Review for Lend (Journey)

Lend (Journey)

(#) pinkfroggie06 2007-02-24

Yeah. In all of the paragraphs or stanzas whatever the hell you call them. I just wanted to let you know that the entire poem was UNEXCEPTIONAL! So it basically fucking sucked. Asshole deal with a stapler. I walk alone, assmunch.

Author's response

Thank you for your assessment, unintelligible and unqualified as it is. It is always good to receive feedback, even if it is indecipherable. I can deal with unexceptional. What I have a problem with is your colourful language, which shows an appalling lack of imagination. I guess it just goes to show that those who cannot spell and write, resort to the sewer.

In the future, I suggest you be a bit more circumspect in your choice of wording; anyone reading this will get the idea you are an idiot. I would not like to have that on my conscience. I would spare you the stigma of carrying that around for the rest of your life.
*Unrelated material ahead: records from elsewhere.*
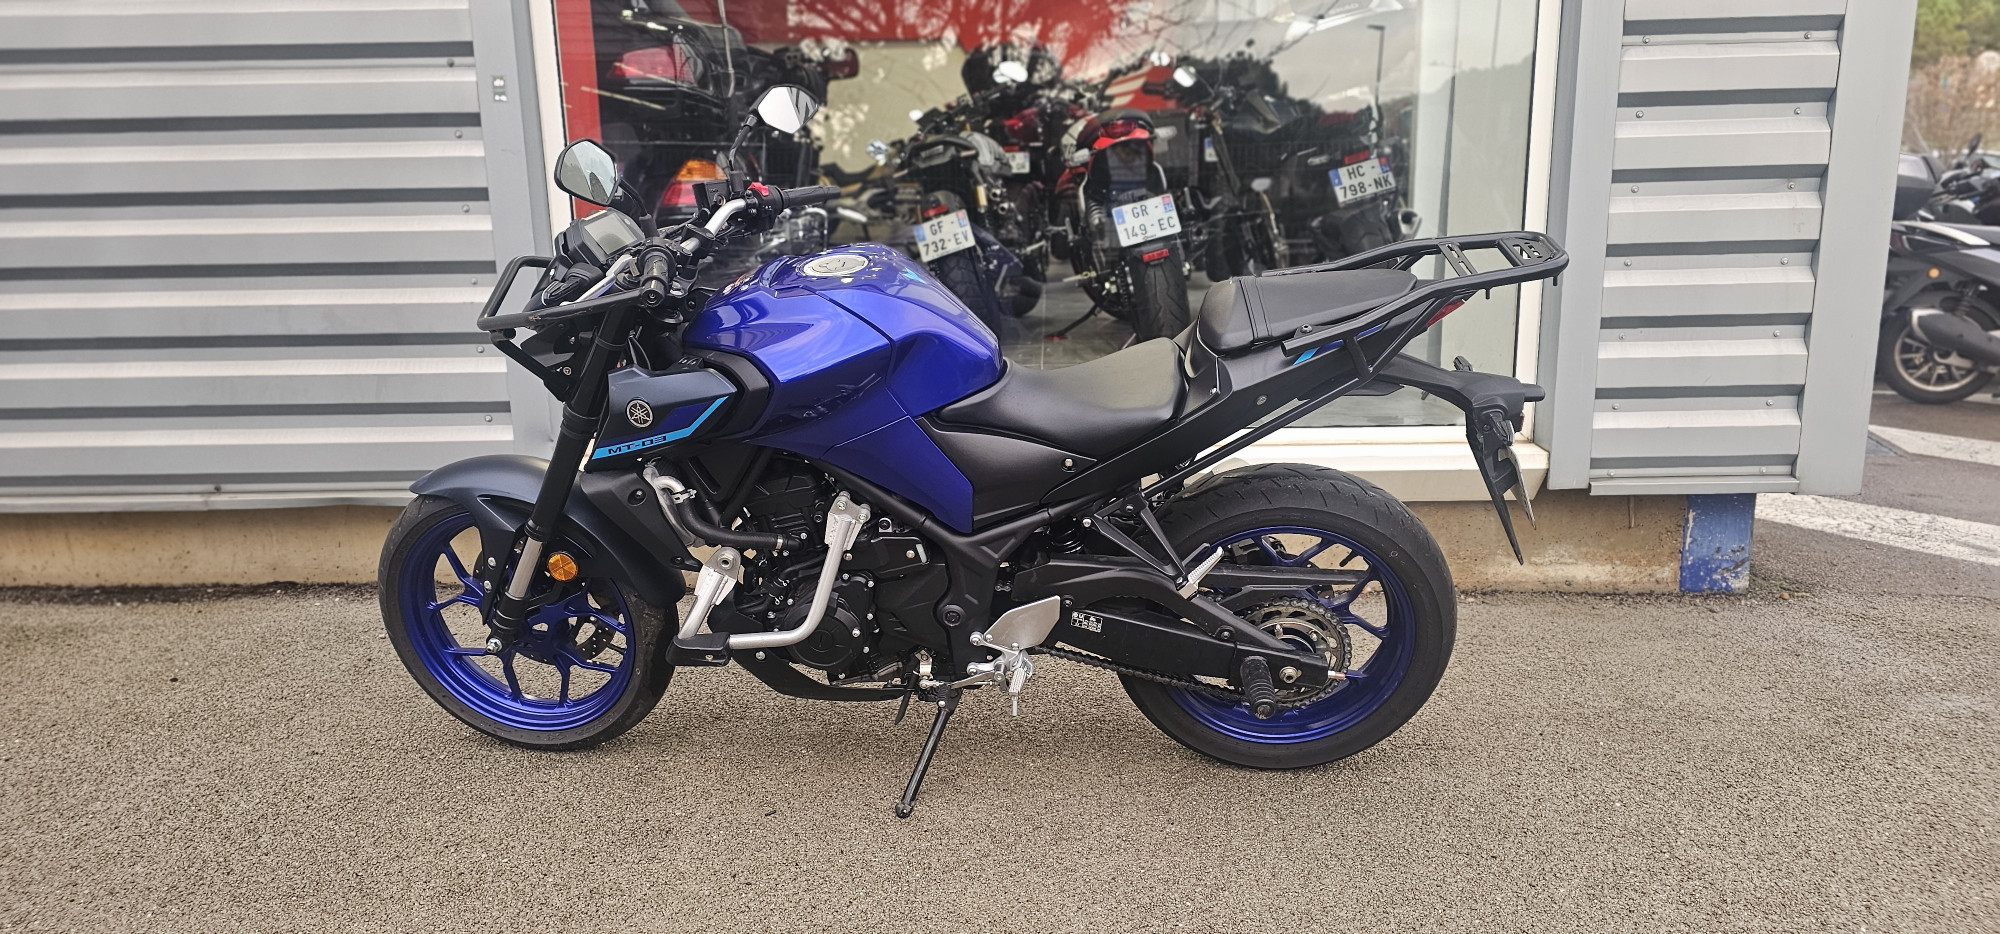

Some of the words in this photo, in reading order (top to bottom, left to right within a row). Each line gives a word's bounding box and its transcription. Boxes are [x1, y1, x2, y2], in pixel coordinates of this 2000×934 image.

[1346, 164, 1366, 180] HC
[1339, 174, 1393, 199] 798-NK
[1131, 204, 1149, 219] GR
[929, 220, 944, 236] GF
[1123, 216, 1176, 240] 149-EC
[922, 229, 969, 256] 732-EV
[608, 435, 667, 455] MT-03
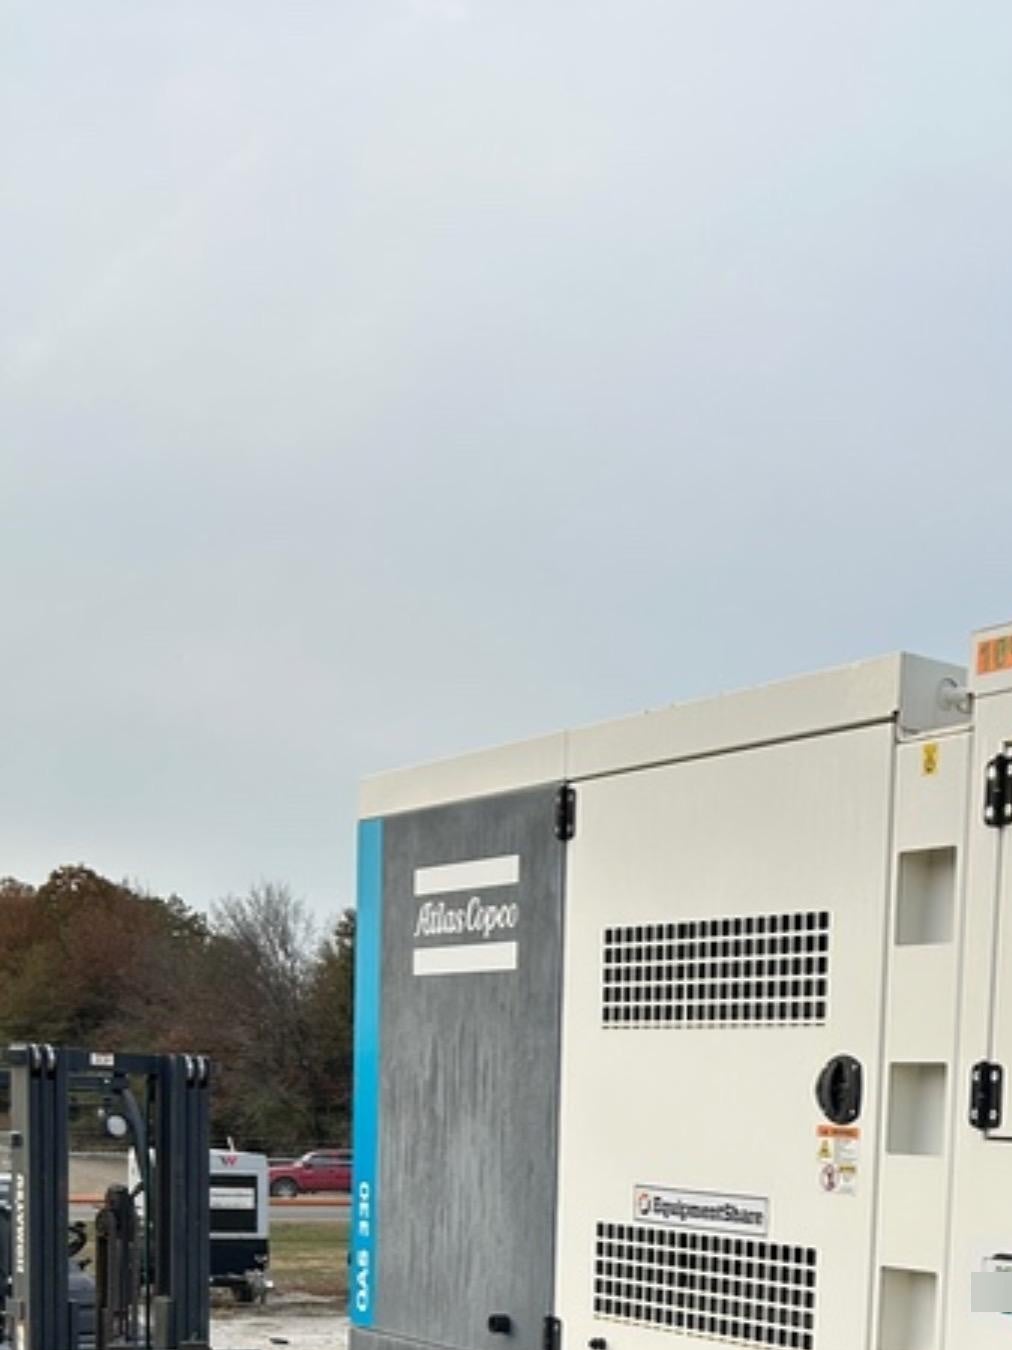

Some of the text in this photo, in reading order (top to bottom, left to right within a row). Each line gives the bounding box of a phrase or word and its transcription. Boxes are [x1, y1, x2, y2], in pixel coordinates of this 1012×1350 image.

Just a heads up for you. And, what exactly would dealing with a stapler get me? You walk alone? I understand you write alone, your grammar shows that. And, an assmunch; sounds like you could use some imagination pointers, also. By the way, revenge rating makes you look the fool, not me. Repaying honesty with unthought-out comments can only earn you more of what you have already gotten: lack of respect.

Well wishes in your future. You need them.